▶ _What the task requires_
Write every line below out again exactly, images omitted.

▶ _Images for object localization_
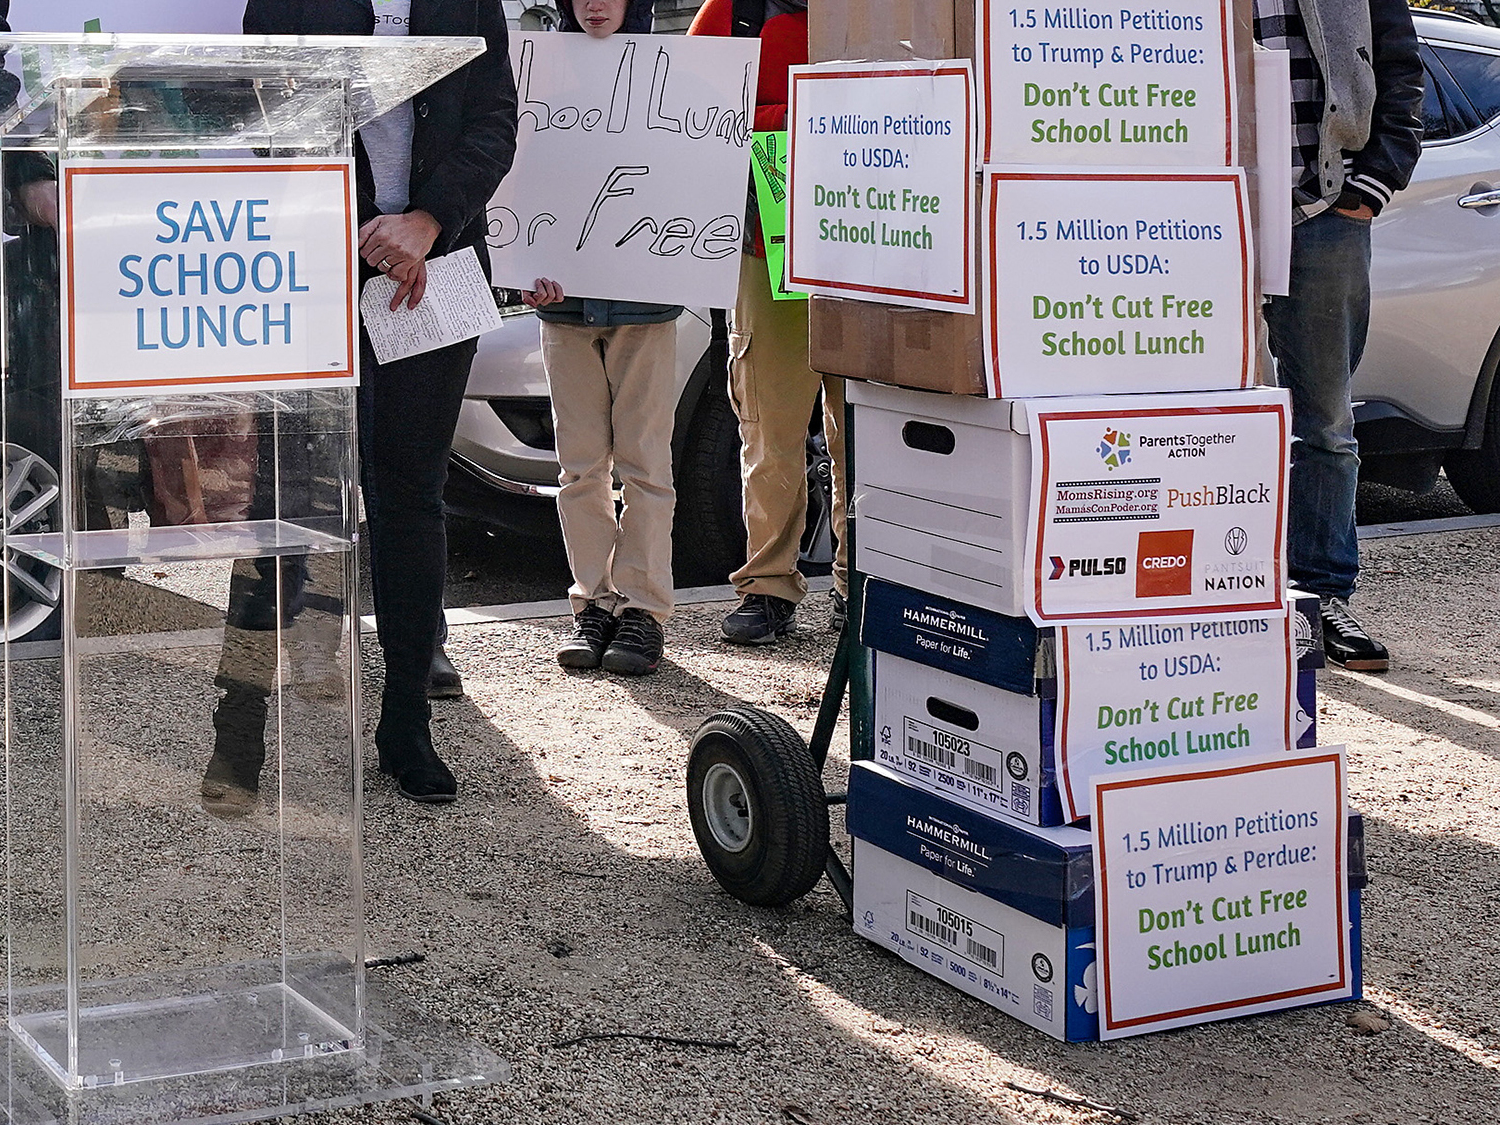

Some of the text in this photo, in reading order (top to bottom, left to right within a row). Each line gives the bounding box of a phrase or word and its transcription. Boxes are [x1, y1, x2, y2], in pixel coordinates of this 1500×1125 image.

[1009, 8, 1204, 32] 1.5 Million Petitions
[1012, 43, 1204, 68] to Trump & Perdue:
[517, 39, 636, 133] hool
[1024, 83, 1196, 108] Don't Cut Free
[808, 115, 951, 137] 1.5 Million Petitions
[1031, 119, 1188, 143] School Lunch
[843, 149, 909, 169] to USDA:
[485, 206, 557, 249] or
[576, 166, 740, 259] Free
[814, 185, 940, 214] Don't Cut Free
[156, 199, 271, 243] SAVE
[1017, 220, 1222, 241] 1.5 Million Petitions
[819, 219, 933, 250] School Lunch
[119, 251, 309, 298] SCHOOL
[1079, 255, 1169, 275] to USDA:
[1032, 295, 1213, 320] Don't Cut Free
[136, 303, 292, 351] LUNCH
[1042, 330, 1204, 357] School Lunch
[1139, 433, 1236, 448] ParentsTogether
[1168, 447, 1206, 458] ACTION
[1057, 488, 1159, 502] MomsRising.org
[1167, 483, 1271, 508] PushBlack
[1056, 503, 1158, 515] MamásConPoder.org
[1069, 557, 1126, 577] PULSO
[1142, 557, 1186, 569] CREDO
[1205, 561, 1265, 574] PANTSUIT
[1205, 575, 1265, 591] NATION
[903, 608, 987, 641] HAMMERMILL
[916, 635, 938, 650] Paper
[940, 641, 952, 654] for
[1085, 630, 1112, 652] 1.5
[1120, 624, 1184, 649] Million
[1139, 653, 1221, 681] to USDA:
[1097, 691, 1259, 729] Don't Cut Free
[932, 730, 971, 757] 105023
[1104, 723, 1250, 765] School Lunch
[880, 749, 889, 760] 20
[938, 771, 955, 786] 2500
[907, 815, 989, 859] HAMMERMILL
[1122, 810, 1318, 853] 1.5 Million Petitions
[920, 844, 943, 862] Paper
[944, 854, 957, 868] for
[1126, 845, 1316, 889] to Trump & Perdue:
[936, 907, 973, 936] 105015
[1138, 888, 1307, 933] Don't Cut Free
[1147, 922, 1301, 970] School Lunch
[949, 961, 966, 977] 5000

▶ _Expected answer_
Some of the text in this photo, in reading order (top to bottom, left to right within a row). Each line gives the bounding box of a phrase or word and its transcription. Boxes are [x1, y1, x2, y2], in pixel coordinates of this 1500×1125 image.

[1009, 8, 1204, 32] 1.5 Million Petitions
[1012, 43, 1204, 68] to Trump & Perdue:
[517, 39, 636, 133] hool
[1024, 83, 1196, 108] Don't Cut Free
[808, 115, 951, 137] 1.5 Million Petitions
[1031, 119, 1188, 143] School Lunch
[843, 149, 909, 169] to USDA:
[485, 206, 557, 249] or
[576, 166, 740, 259] Free
[814, 185, 940, 214] Don't Cut Free
[156, 199, 271, 243] SAVE
[1017, 220, 1222, 241] 1.5 Million Petitions
[819, 219, 933, 250] School Lunch
[119, 251, 309, 298] SCHOOL
[1079, 255, 1169, 275] to USDA:
[1032, 295, 1213, 320] Don't Cut Free
[136, 303, 292, 351] LUNCH
[1042, 330, 1204, 357] School Lunch
[1139, 433, 1236, 448] ParentsTogether
[1168, 447, 1206, 458] ACTION
[1057, 488, 1159, 502] MomsRising.org
[1167, 483, 1271, 508] PushBlack
[1056, 503, 1158, 515] MamásConPoder.org
[1069, 557, 1126, 577] PULSO
[1142, 557, 1186, 569] CREDO
[1205, 561, 1265, 574] PANTSUIT
[1205, 575, 1265, 591] NATION
[903, 608, 987, 641] HAMMERMILL
[916, 635, 938, 650] Paper
[940, 641, 952, 654] for
[1085, 630, 1112, 652] 1.5
[1120, 624, 1184, 649] Million
[1139, 653, 1221, 681] to USDA:
[1097, 691, 1259, 729] Don't Cut Free
[932, 730, 971, 757] 105023
[1104, 723, 1250, 765] School Lunch
[880, 749, 889, 760] 20
[938, 771, 955, 786] 2500
[907, 815, 989, 859] HAMMERMILL
[1122, 810, 1318, 853] 1.5 Million Petitions
[920, 844, 943, 862] Paper
[944, 854, 957, 868] for
[1126, 845, 1316, 889] to Trump & Perdue:
[936, 907, 973, 936] 105015
[1138, 888, 1307, 933] Don't Cut Free
[1147, 922, 1301, 970] School Lunch
[949, 961, 966, 977] 5000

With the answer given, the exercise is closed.